The order also “underscores” the importance of emphasizing environmental justice and equity in the state’s transition to a clean economy, the governor said.

“The transition by vehicle manufacturers to electric vehicles is upon us and this station is just one example of how North Carolina is getting ready,” Gov. Cooper explained in a statement. “The quicker we move the more affordable electric vehicles will become for everyday people. Our state is moving toward an equitable clean energy economy and public-private partnerships like this one will help make that happen.”

To help foster the development and deployment of similar projects, the American Association of State Highway and Transportation Officials, the National Association of State Energy Officials, the U.S. Department of Transportation, and the U.S. Department of Energy signed a memorandum of understanding on February 23.

Jim Tymon, AASHTO’s executive director, explained in a statement at the time that this MOU provides a “framework for collaboration” in response to the $5 billion National Electric Vehicle Infrastructure Formula Program established by USDOT and DOE on February 10 to build and operate a nationwide network of EV charging stations.

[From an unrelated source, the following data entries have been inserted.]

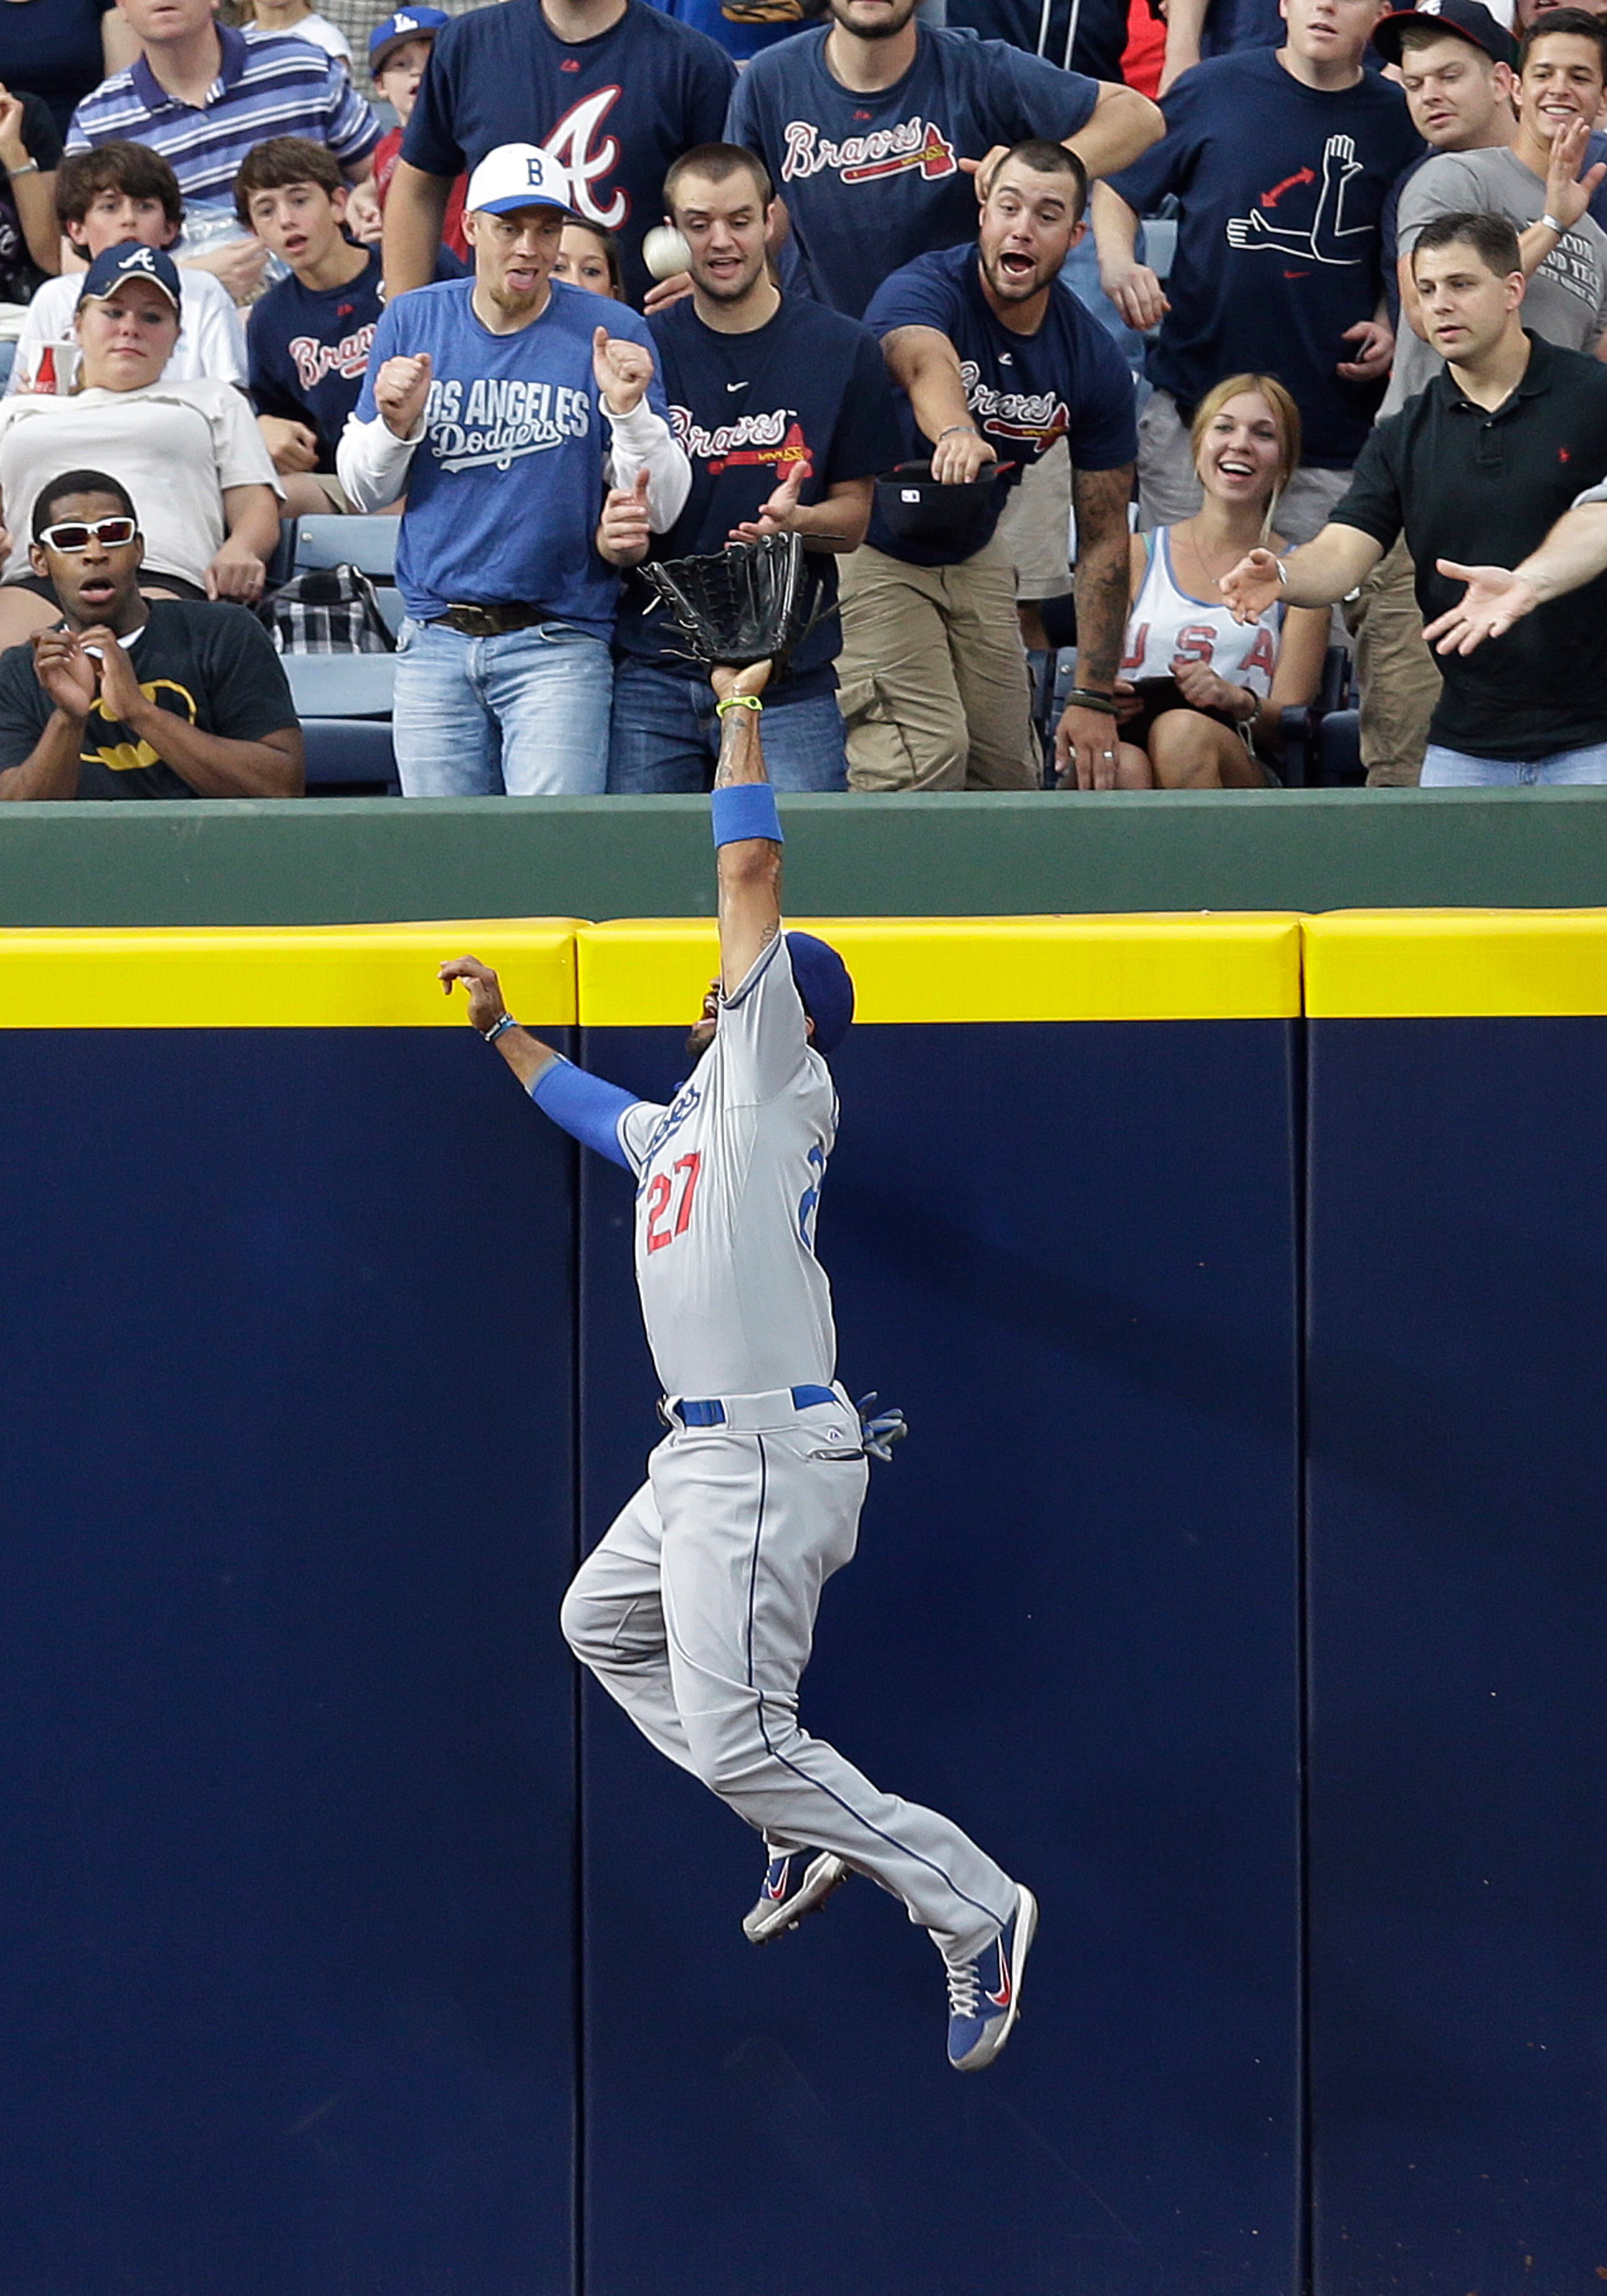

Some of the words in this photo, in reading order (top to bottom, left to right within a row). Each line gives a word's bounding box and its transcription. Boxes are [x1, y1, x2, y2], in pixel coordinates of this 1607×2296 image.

[526, 158, 544, 186] B
[539, 85, 633, 230] A
[781, 116, 922, 183] Braves
[118, 248, 155, 271] A
[289, 323, 377, 391] Brav
[427, 379, 462, 426] OS
[464, 379, 590, 438] ANGELES
[429, 418, 563, 473] Dodgers
[1121, 623, 1275, 677] USA
[647, 1151, 701, 1256] 27
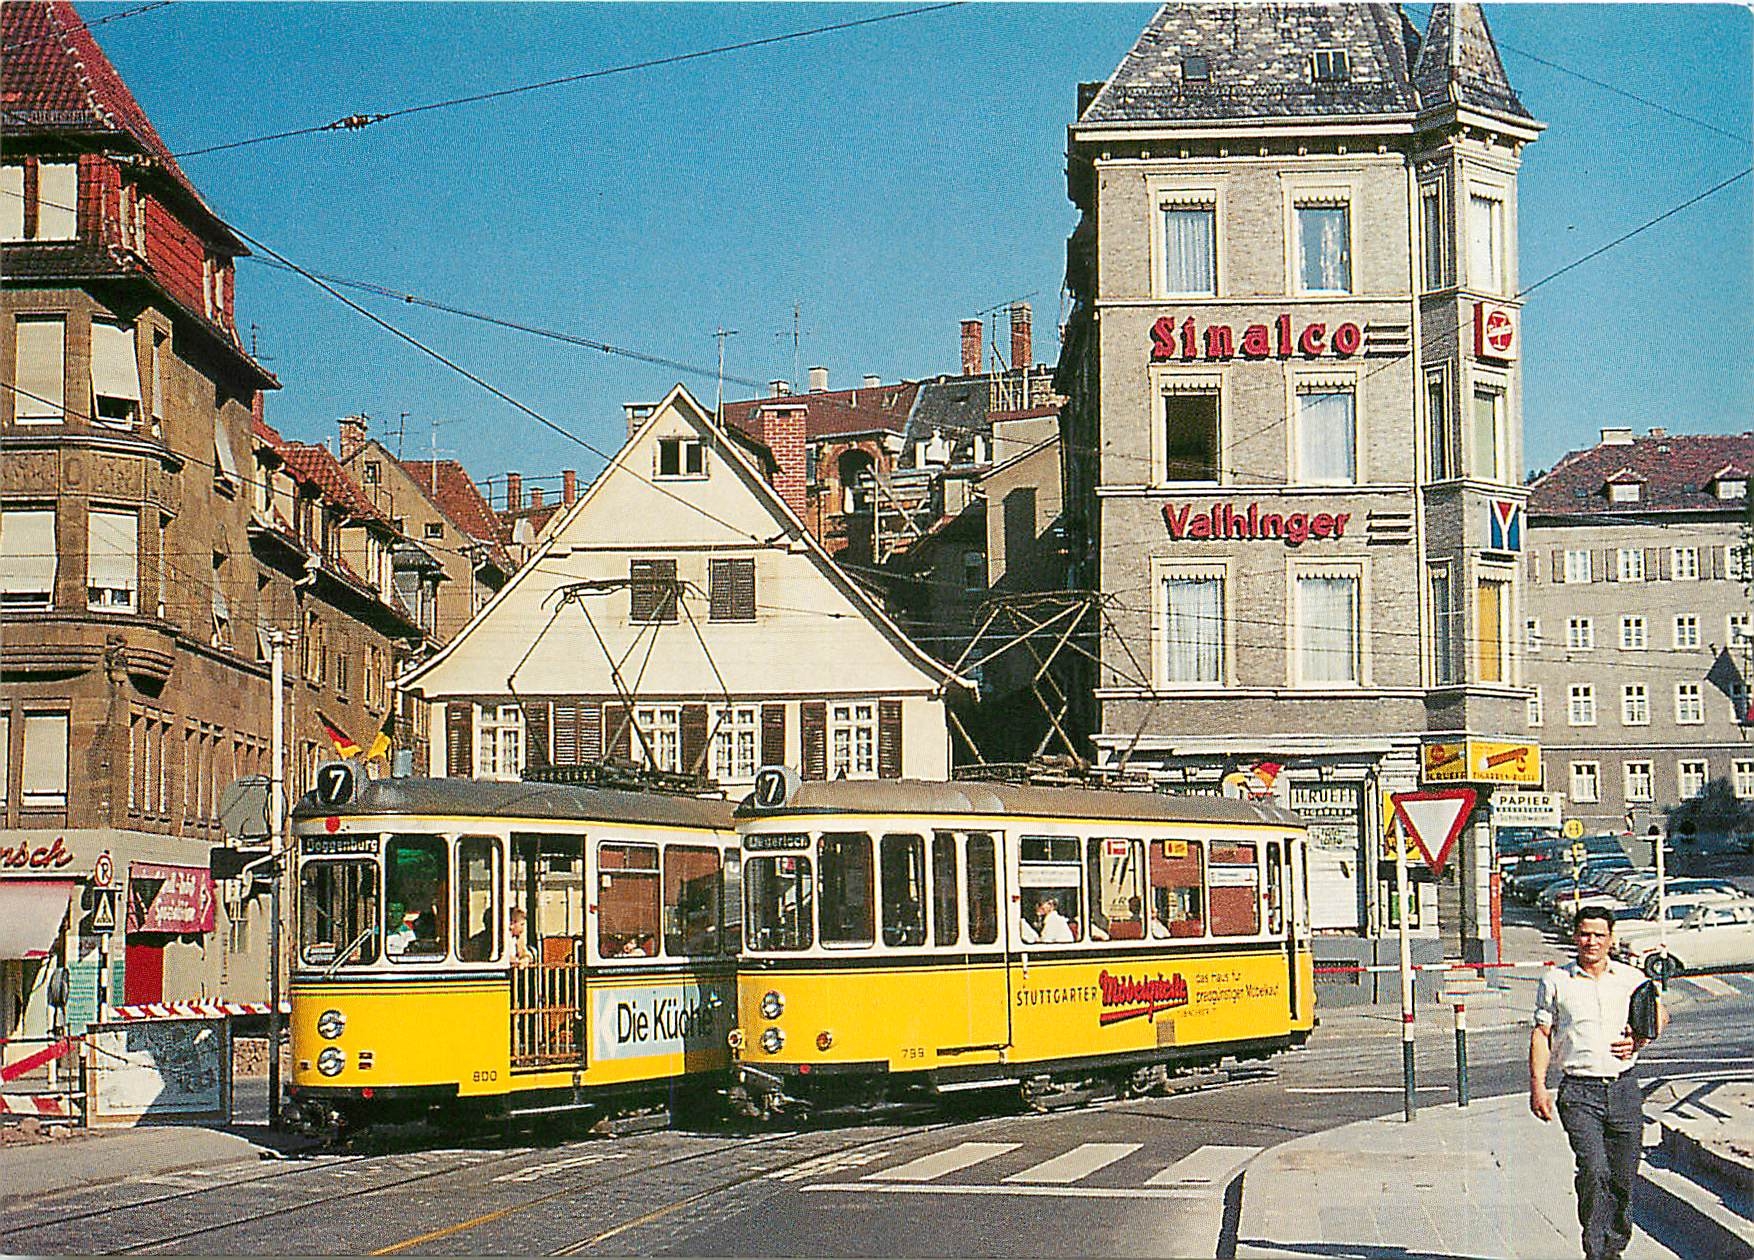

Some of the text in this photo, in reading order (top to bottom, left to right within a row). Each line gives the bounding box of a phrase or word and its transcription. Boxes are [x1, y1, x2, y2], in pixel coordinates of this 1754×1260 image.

[1151, 313, 1362, 359] Sinalco
[329, 769, 346, 801] 7
[765, 773, 780, 803] 7
[1500, 796, 1550, 805] PAPIER
[305, 838, 379, 853] Doggenburg
[1016, 986, 1098, 1007] STUTTGARTER
[616, 1000, 649, 1044] Die
[472, 1069, 498, 1083] 800
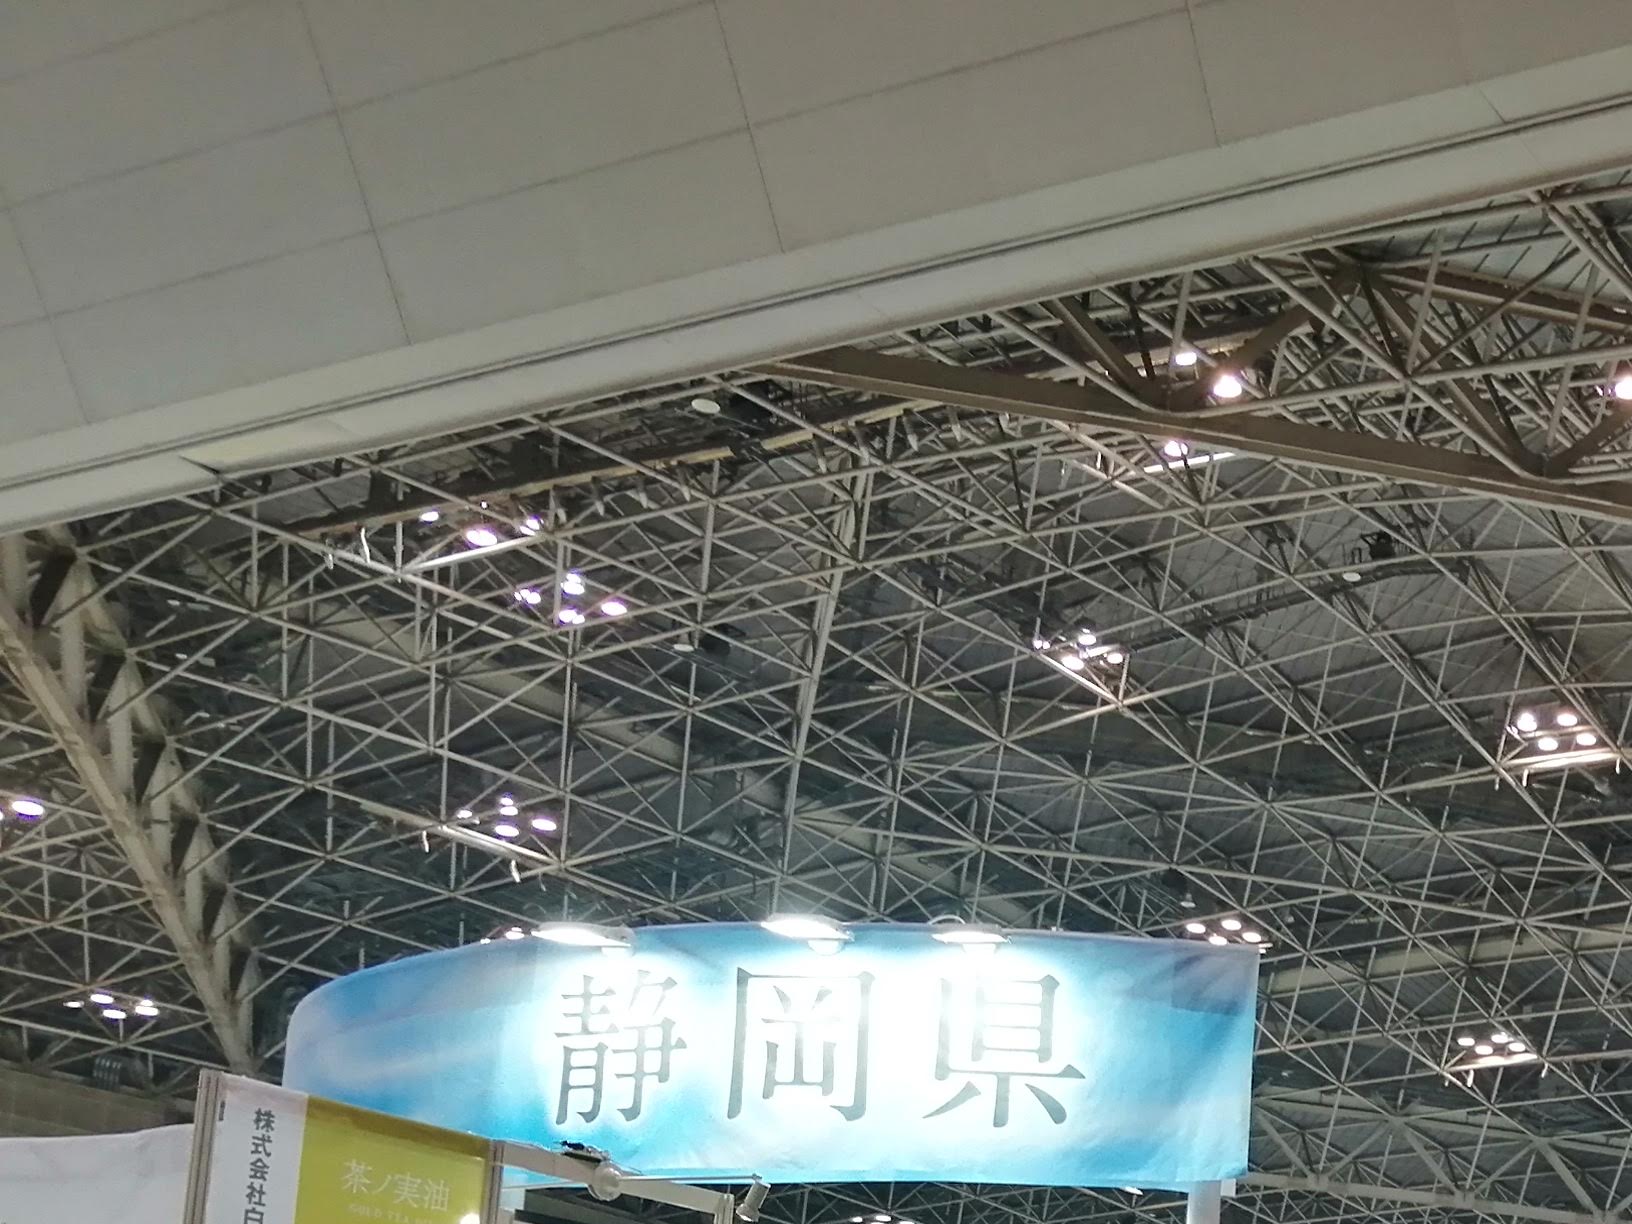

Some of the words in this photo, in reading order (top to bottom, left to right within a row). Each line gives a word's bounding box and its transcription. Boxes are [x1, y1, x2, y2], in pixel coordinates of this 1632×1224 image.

Michigan DOT Using Carbon Fiber in Bridge Construction

To reduce the cost of corrosion and long-term maintenance expenses, the Michigan Department of Transportation is broadening its use of carbon fiber structural material on bridges statewide.

[Above photo by the Michigan DOT]

“Rusting of steel elements is the leading cause of deterioration in our bridges. Since carbon fiber is non-corrosive, we are eliminating that potential for damage,” explained Matt Chynoweth, Michigan DOT’s chief bridge engineer, in a statement. “Using a material that will not corrode is a real game-changer.”

Paul Ajegba, Michigan DOT’s director, added that one of the ultimate goals in expanding the use of carbon fiber is to build bridges that last a century with minimal maintenance.

He noted that Michigan DOT has been collaborating with Lawrence Technological University or LTU in Southfield, MI, on the use of carbon fiber reinforced polymer materials in concrete bridge beams since 2001 – research now moving from the lab into the field. For example, Michigan DOT is currently building two bridges with carbon fiber reinforced beams as part of its massive I-94 modernization project in Detroit.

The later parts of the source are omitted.